In my pursuit of archaic humor, I rely, as any detective would, on a combination of information and deduction. I have learned, when a caption aooears on postcards by different artists, to check the world of advertising or the realm of pop song. This has led me to a greater familiarity of the recordings of Billy Murray and Bert Williams, and I think I am the better for that. Whether the descriptions of the postcards in question, enhanced by this added data, happen to sell better, I will allow the market to decide.
As you have seen, ye weary hardworking regular readers of this column, we have also ventured into the world of bygone slang, and the nearly-forgotten catchphrase, And you have also seen that I have occasionally come out right where I began, none the wiser for my search through the echoing halls of ancestral comedy.
I am going to bring up a few of these unsolved cases in this episode of our saga, in the hopes that you will be as confused as I was. If you DO see at once the joke I’ve missed, you can let me know in the comments, but I’d really rather think these are stumpers. Just affirmation of my role as jokemaster around here.
The postcard above dares to somewhere around 1914, I have been through the history of bananas, and even of the song Yes, We Have No Bananas, which would lead to its own fiendish craze some years after this. But I have found no song or silent movie about a banana fiend. It could be that this was part of a series by one artist, and included pineapple fiends and kumquat fiends. Or, he may just have loved the idea of a fiendish soul spreading really old jokes about banana peels on pavements. But I feel incomplete, somehow. The question “Why a banana fiend?” will haunt me until someone tells me this was an early supervillain who roamed the streets of Gotham City at the turn of the century.

My problem with this young lady is that I can’t quite figure out what she’s doing,. Is she holding a mirror, and studying her black eye? Was her publisher cad enough to think a punch in the eye from a man was funny enough to warrant a card? Or IS that a black eye? It might be a stray shadow, and the lady is actually studying something else she’s holding in her hand. If she’s holding something in that hand. If she’s even a lady (given the tendency of early postcards to feasture female impersonators, this is another possibility. This could be a famous vaudeville performer who sang a song called “Sent By Male”. Haven’t found him yet, though.)

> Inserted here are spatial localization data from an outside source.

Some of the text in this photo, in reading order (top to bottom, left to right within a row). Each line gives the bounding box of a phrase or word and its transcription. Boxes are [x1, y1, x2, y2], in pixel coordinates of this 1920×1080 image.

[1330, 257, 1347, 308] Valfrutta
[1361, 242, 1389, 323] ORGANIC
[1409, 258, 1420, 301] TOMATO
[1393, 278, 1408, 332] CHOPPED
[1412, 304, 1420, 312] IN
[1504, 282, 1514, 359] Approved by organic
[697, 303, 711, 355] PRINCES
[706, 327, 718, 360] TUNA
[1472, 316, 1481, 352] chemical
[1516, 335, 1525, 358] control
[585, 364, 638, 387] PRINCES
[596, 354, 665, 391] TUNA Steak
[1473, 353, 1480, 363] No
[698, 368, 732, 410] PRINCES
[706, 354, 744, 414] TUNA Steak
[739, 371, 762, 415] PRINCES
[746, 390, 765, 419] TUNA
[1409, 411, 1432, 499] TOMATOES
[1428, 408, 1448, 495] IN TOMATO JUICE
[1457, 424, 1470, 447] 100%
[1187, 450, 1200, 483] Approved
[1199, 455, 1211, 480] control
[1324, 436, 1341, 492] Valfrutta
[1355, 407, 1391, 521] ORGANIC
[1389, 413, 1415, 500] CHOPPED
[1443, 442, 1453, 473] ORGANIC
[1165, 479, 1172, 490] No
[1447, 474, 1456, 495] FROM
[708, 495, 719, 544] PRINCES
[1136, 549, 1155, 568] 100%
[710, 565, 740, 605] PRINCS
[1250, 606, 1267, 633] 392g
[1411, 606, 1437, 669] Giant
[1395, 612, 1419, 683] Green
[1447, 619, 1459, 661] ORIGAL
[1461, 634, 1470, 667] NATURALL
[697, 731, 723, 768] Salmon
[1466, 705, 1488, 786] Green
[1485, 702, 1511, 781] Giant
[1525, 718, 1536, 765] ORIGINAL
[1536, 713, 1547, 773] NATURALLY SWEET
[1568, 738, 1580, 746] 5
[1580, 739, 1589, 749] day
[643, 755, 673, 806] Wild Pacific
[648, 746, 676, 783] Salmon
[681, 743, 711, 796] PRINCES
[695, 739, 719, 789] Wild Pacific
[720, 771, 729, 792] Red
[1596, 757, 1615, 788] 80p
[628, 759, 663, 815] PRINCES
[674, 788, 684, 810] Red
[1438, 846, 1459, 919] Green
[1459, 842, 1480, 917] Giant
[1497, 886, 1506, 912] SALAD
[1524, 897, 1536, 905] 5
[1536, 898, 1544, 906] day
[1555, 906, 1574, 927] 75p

Now here, I know what they were up to. The publisher wanted to combine a number of icons of spring and Easter in one card. This has been done in a variety of ways, but I’;ve never found one quite so startling as this. If I am seeing this right, somebody built an Easter diorama of a little country town inside a box shaped like a cross. They then apparently filled it with strawberry Jello (that pink tinge around the village, but just as high as the edges of the box.) And then they left it on the lawn. Were they tired of hiding colored eggs?

In this case, I am perfectly convinced that this is the work of some important avant-garde artist of the 1910s, and no one has told me which one yet. The card was printed in Germany, and has no text on the front or back to explain the photo. That grimace is unpleasant for a card I would send anyone, but I wasn’t around at the time, so maybe I just don’t understand. And what is she doing, anyhow? Is she in pain? Is she weeping? Is she, as someone I have decided to ignore in the future suggests, laughing really, really hard? I have had one or two other suggestions, but really, I don’t want people to get the idea this column is devoted to bathroom humor.

And if we’re going to be indelicate, we can save it for this postcard. When I searched the Interwebs for “tickled to sleep”, I was sent to a lot of really unusual websites. But the basic explanation is reasonably G-rated. It is possible to tickle someone until they are exhausted, and pass out. There are videos of people doing this to puppies and kittens and small children online, and I hope these people are being carefully watched. But who’s been tickling whom? Is the lady on the left still slightly awake? Is she the tickler, and her friend with both eyes shut the ticklee? But how is this all possible? I can’t believe that if that much tickling had been going on that thjeir hair and clothes would not be disheveled. And speaking of their clothes, um, where was someone being tickled? They have their shoes on: we can see that, thanks to the design of the photo to let us stare at their calves and ankles (this card dates from about 1908). Their clothes look kind of tickle-proof to me, so where…how…no, I really don’t want to hear ALL your theories. Once again, I may just not be understanding something obvious to a person in 1908.
And, if there’s anything these cards demonstrate, it’s that we just don’t know what will tickle somebody else.